In the city of Brisbane, from which the honourable member for Lilley and I both come, there has been no extension of free hospitalisation in all the years of CountryLiberal Party rule in Queensland. All the free public hospitals in the metropolitan area were built in the days of the previous Labor Government. Free hospitalisation in Queensland is now subject to a financial squeeze with expenditure going up by about $12m a year and Commonwealth assistance to hospitals going up by about $500,000 a year. That means that the Country-Liberal Party Government of Queensland has to find an additional $11. 5m every year. Under the Labor scheme, on the figures that have been given by my colleague the honourable member for Oxley, over $13 a day per occupied bed for public wards, intermediate wards and private wards would be payable. This would mean an additional $22m a year for Queensland public hospitals, given 1971 as the year on which the figures were worked out.

Mr Kevin Cairns (LILLEY, QUEENSLAND) - Are you aware of what the Grant Commission has been giving?

Mr CROSS - Yes, I am.

Mr Kevin Cairns (LILLEY, QUEENSLAND) - What effect would this have on the Grants Commission?

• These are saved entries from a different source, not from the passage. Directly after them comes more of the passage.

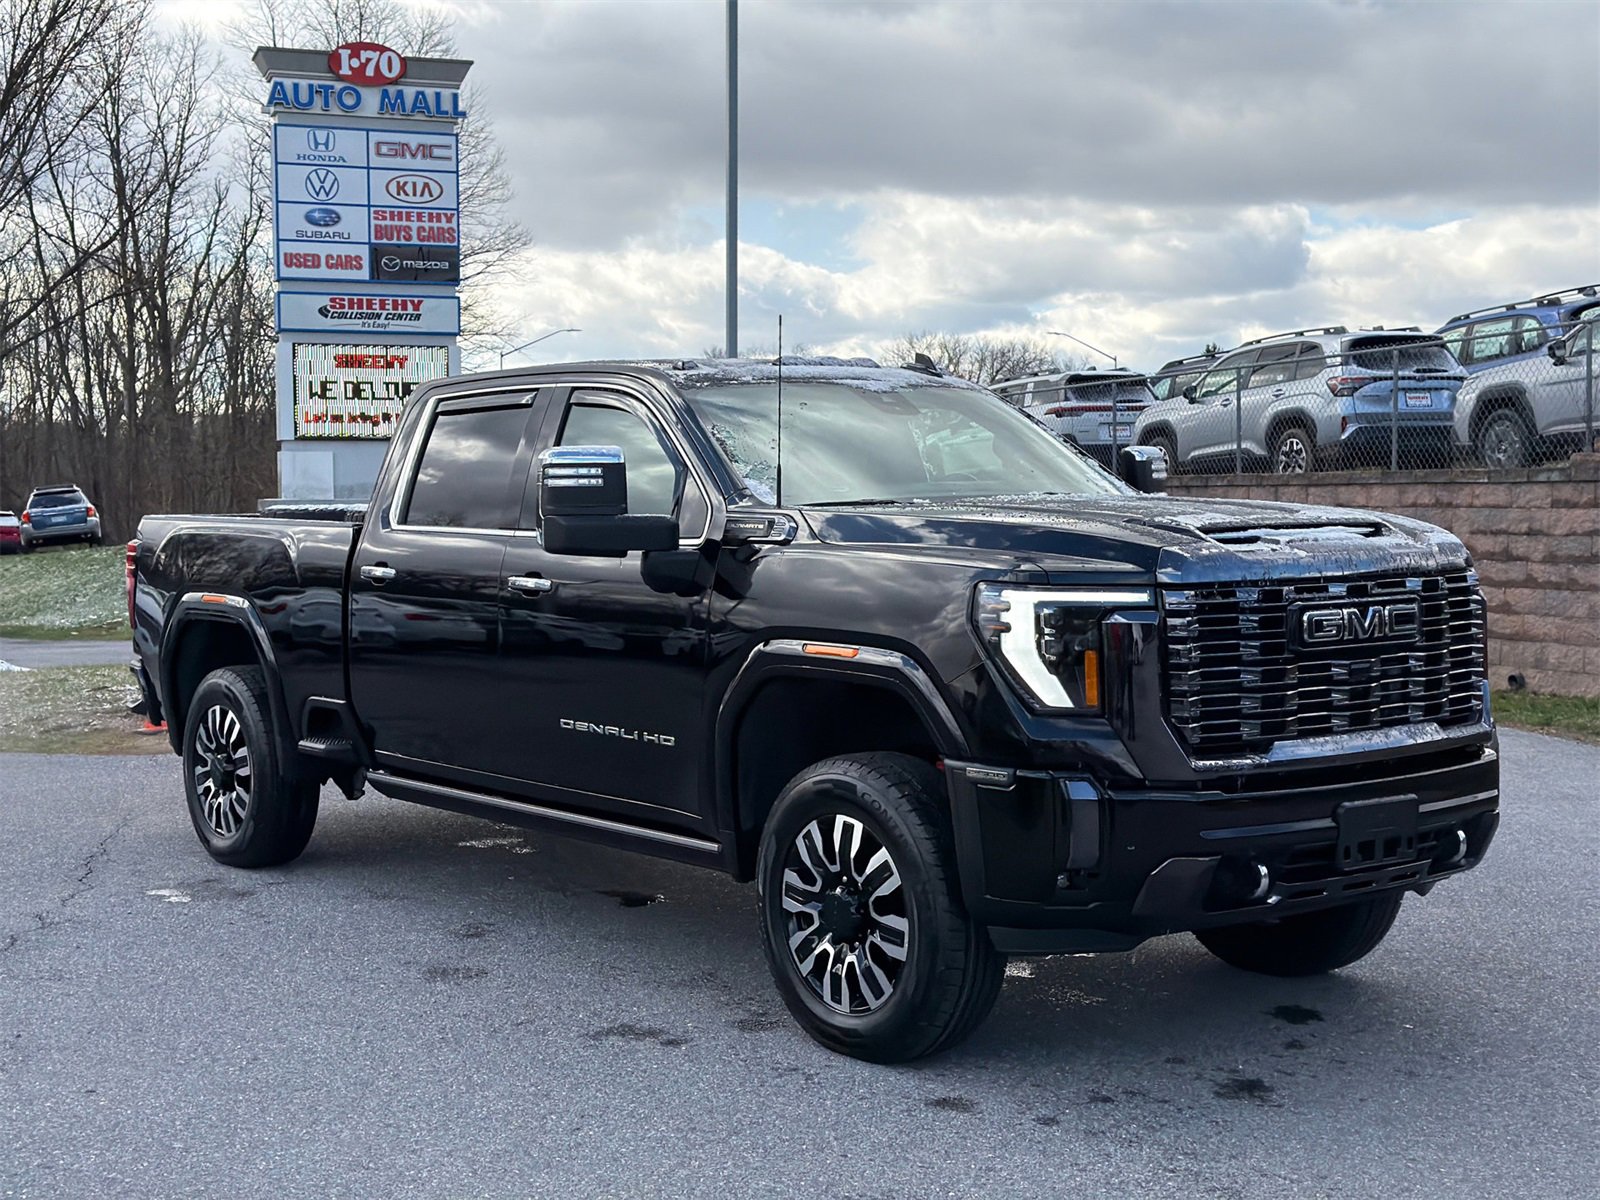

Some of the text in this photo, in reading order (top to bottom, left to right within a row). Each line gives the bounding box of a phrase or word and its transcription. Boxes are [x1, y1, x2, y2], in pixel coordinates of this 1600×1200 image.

[266, 81, 467, 118] AUTO MALL
[296, 153, 347, 163] HONDA
[375, 141, 452, 161] GMC
[396, 181, 434, 198] KIA
[372, 209, 456, 224] SHEEHY
[295, 230, 351, 240] SUBARU
[373, 224, 457, 244] BUYS CARS
[283, 252, 364, 271] USED CARS
[329, 297, 424, 312] SHEEHY
[329, 310, 422, 322] COLLISION CENTER
[1302, 603, 1419, 643] GMC
[560, 718, 675, 746] DENALI HD
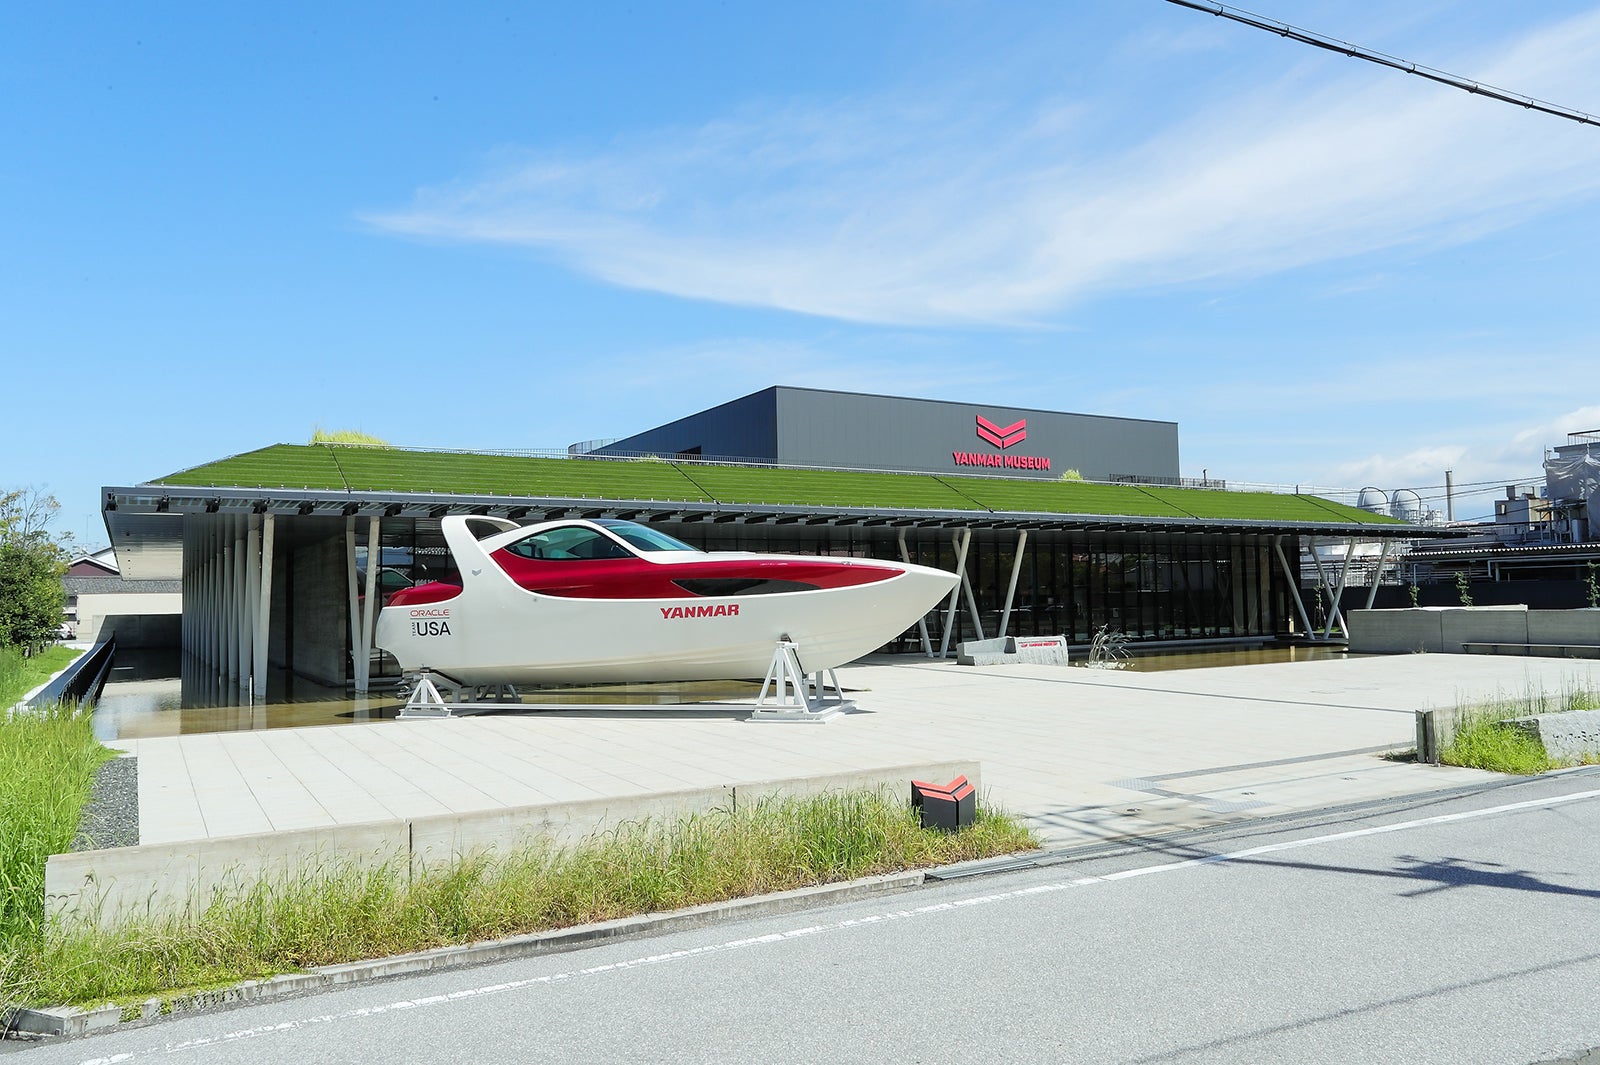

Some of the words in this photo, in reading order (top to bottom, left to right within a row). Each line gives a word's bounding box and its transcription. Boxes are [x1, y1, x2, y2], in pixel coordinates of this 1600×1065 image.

[953, 451, 1002, 468] YANMAR
[1003, 455, 1051, 471] MUSEUM
[410, 608, 450, 617] ORACLE
[660, 604, 739, 619] YANMAR
[416, 621, 451, 637] USA

Mr CROSS - One can argue, of course, that it might have some effect, but not only Queensland will be paid this amount. The same rate will be paid for hospital beds throughout Australia. The same amount will be paid in all States, and it will cancel this effect. The honourable member for Lilley, with his knowledge of finance, should realise that very well. Let us take the position as it applies now. Fifty-five per cent of the people of Queensland belong to medical and hospital benefits funds. They contribute to a lesser degree than do people in the other States to private medical benefits funds. The Commonwealth makes a contribution towards the claims lodged on these funds. Because fewer people in Queensland belong to the private medical benefits or funds and because all Australians pay tax, under the present scheme the people of Queensland arc missing out at both ends. On the one hand they get nothing back from the tax they pay because they do not belong to the private medical benefits or hospitals benefits funds. On the other hand, because they do not get this return they subsidise the hospital benefits and medical benefits for people in every other State of the Commonwealth. At the same time Queensland carries the burden of a free hospital system that the people of Queensland want.

The Labor Party health scheme is a fair, equitable and efficient scheme. It cuts out the inefficiencies of the multiplicity of funds. No commissions will be paid to chemists and the like for the collection of contributions because the money will be collected by the Taxation Office. The same assistance will apply across the Commonwealth. I would be the first to agree that there will be a difficult transitional period because honourable members opposite are trying to pretend to the people of Queensland that there is nothing for them in the Labor health scheme. The truth is the contrary. Free hospitals are under threat because of the credit squeeze I have outlined in brief to the Parliament. The present Government offers no solution to that problem. The Labor Party will solve this problem not only in Queensland but also throughout Australia. The present free hospital system is a great comfort and protection to people in Queensland. It does not do them much good if they happen to go across the border into Tweed Heads or other parts of Australia where they are not covered. Under a Labor scheme all the people of Australia will enjoy free hospitals and free hospitals will continue in Queensland.